DIRECTIONS:
In your answer, set down the records below exactly as they stand, omitting pictures.

Stored items:
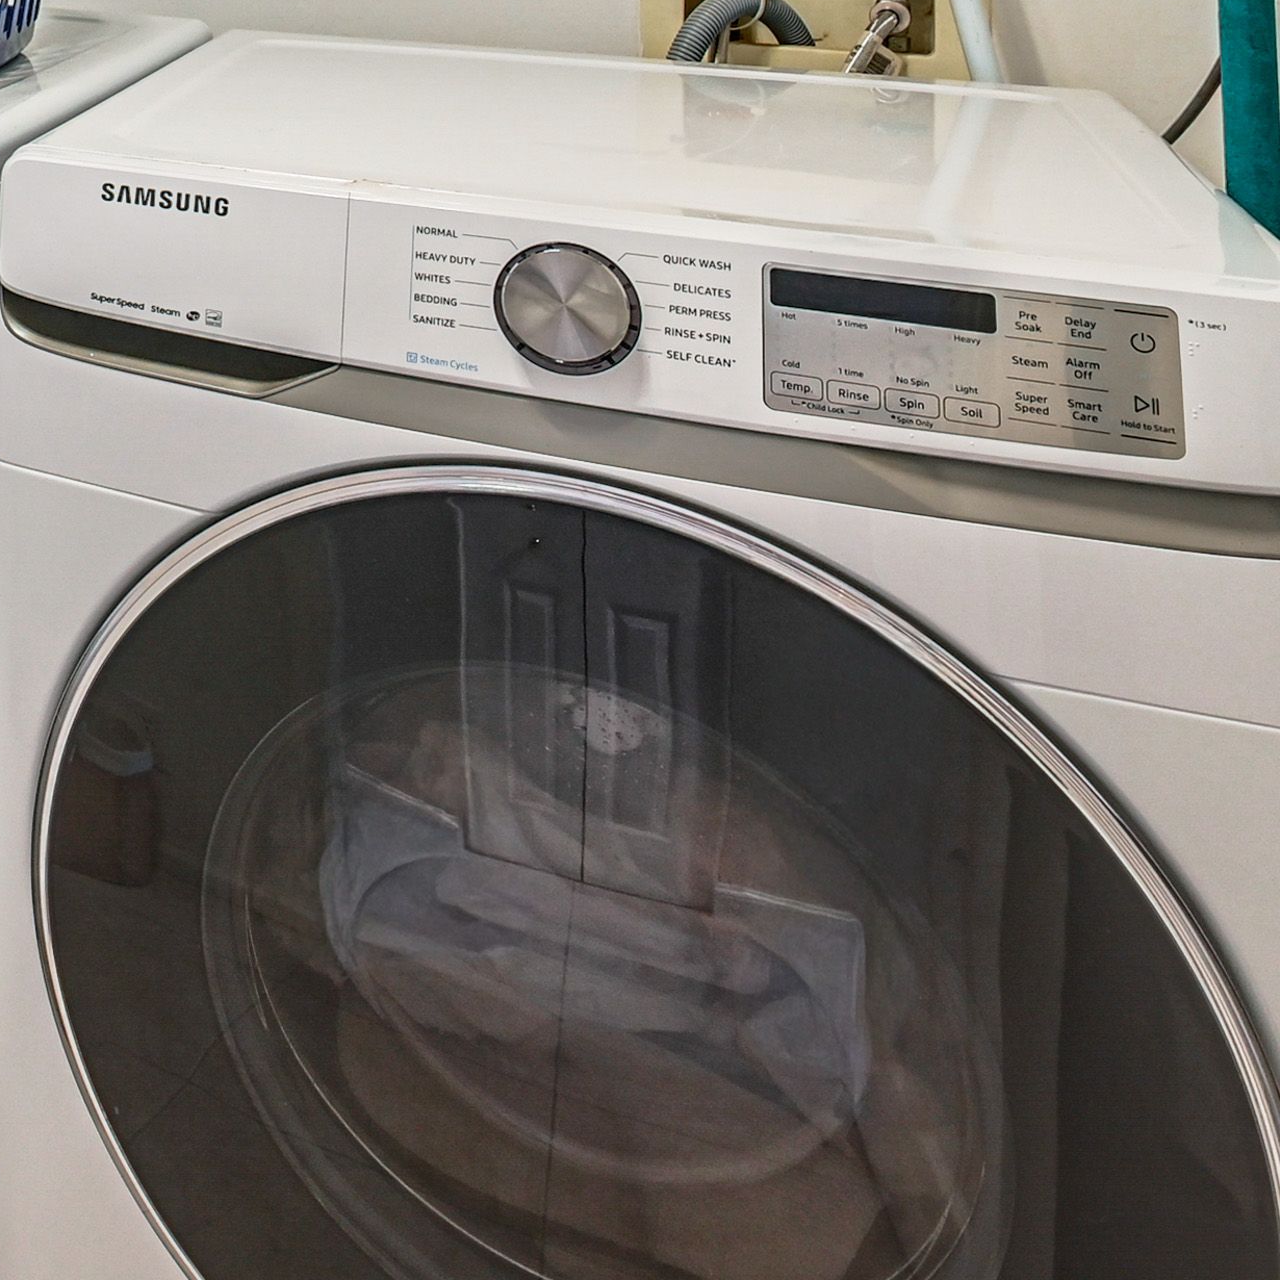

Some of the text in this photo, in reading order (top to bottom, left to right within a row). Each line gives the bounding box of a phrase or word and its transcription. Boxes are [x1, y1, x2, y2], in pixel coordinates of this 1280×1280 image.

[101, 182, 230, 217] SAMSUNG
[416, 225, 458, 238] NORMAL
[415, 251, 476, 266] HEAVY DUTY
[663, 254, 732, 272] QUICK WASH
[414, 272, 452, 285] WHITES
[673, 282, 732, 299] DELICATES
[414, 293, 458, 307] BEDDING
[151, 305, 181, 317] Steam
[669, 304, 732, 322] PERM PRESS
[781, 311, 796, 320] Hot
[1019, 310, 1038, 321] Pre
[413, 314, 456, 328] SANITIZE
[844, 320, 869, 330] times
[1015, 321, 1042, 333] Soak
[1064, 316, 1097, 330] Delay
[664, 326, 697, 340] RINSE
[705, 332, 732, 345] SPIN
[894, 326, 916, 337] High
[1070, 328, 1092, 340] End
[953, 335, 981, 346] Heavy
[666, 349, 693, 362] SELF
[1011, 355, 1049, 369] Steam
[419, 354, 479, 372] Steam Cycles
[781, 359, 801, 369] Cold
[1065, 357, 1101, 370] Alarm
[844, 368, 864, 378] time
[1074, 369, 1093, 380] Off
[780, 379, 814, 395] Temp.
[896, 376, 930, 388] No Spin
[838, 388, 870, 402] Rinse
[955, 384, 979, 395] Light
[899, 397, 925, 410] Spin
[1015, 391, 1048, 404] Super
[827, 405, 845, 414] Lock
[1014, 402, 1050, 416] Speed
[1066, 398, 1103, 413] Smart
[960, 406, 983, 419] Soil
[1072, 410, 1099, 423] Care
[896, 415, 934, 429] Spin Only
[1120, 420, 1176, 435] Hold to Start

EXERCISE ANSWER:
Some of the text in this photo, in reading order (top to bottom, left to right within a row). Each line gives the bounding box of a phrase or word and its transcription. Boxes are [x1, y1, x2, y2], in pixel coordinates of this 1280×1280 image.

[101, 182, 230, 217] SAMSUNG
[416, 225, 458, 238] NORMAL
[415, 251, 476, 266] HEAVY DUTY
[663, 254, 732, 272] QUICK WASH
[414, 272, 452, 285] WHITES
[673, 282, 732, 299] DELICATES
[414, 293, 458, 307] BEDDING
[151, 305, 181, 317] Steam
[669, 304, 732, 322] PERM PRESS
[781, 311, 796, 320] Hot
[1019, 310, 1038, 321] Pre
[413, 314, 456, 328] SANITIZE
[844, 320, 869, 330] times
[1015, 321, 1042, 333] Soak
[1064, 316, 1097, 330] Delay
[664, 326, 697, 340] RINSE
[705, 332, 732, 345] SPIN
[894, 326, 916, 337] High
[1070, 328, 1092, 340] End
[953, 335, 981, 346] Heavy
[666, 349, 693, 362] SELF
[1011, 355, 1049, 369] Steam
[419, 354, 479, 372] Steam Cycles
[781, 359, 801, 369] Cold
[1065, 357, 1101, 370] Alarm
[844, 368, 864, 378] time
[1074, 369, 1093, 380] Off
[780, 379, 814, 395] Temp.
[896, 376, 930, 388] No Spin
[838, 388, 870, 402] Rinse
[955, 384, 979, 395] Light
[899, 397, 925, 410] Spin
[1015, 391, 1048, 404] Super
[827, 405, 845, 414] Lock
[1014, 402, 1050, 416] Speed
[1066, 398, 1103, 413] Smart
[960, 406, 983, 419] Soil
[1072, 410, 1099, 423] Care
[896, 415, 934, 429] Spin Only
[1120, 420, 1176, 435] Hold to Start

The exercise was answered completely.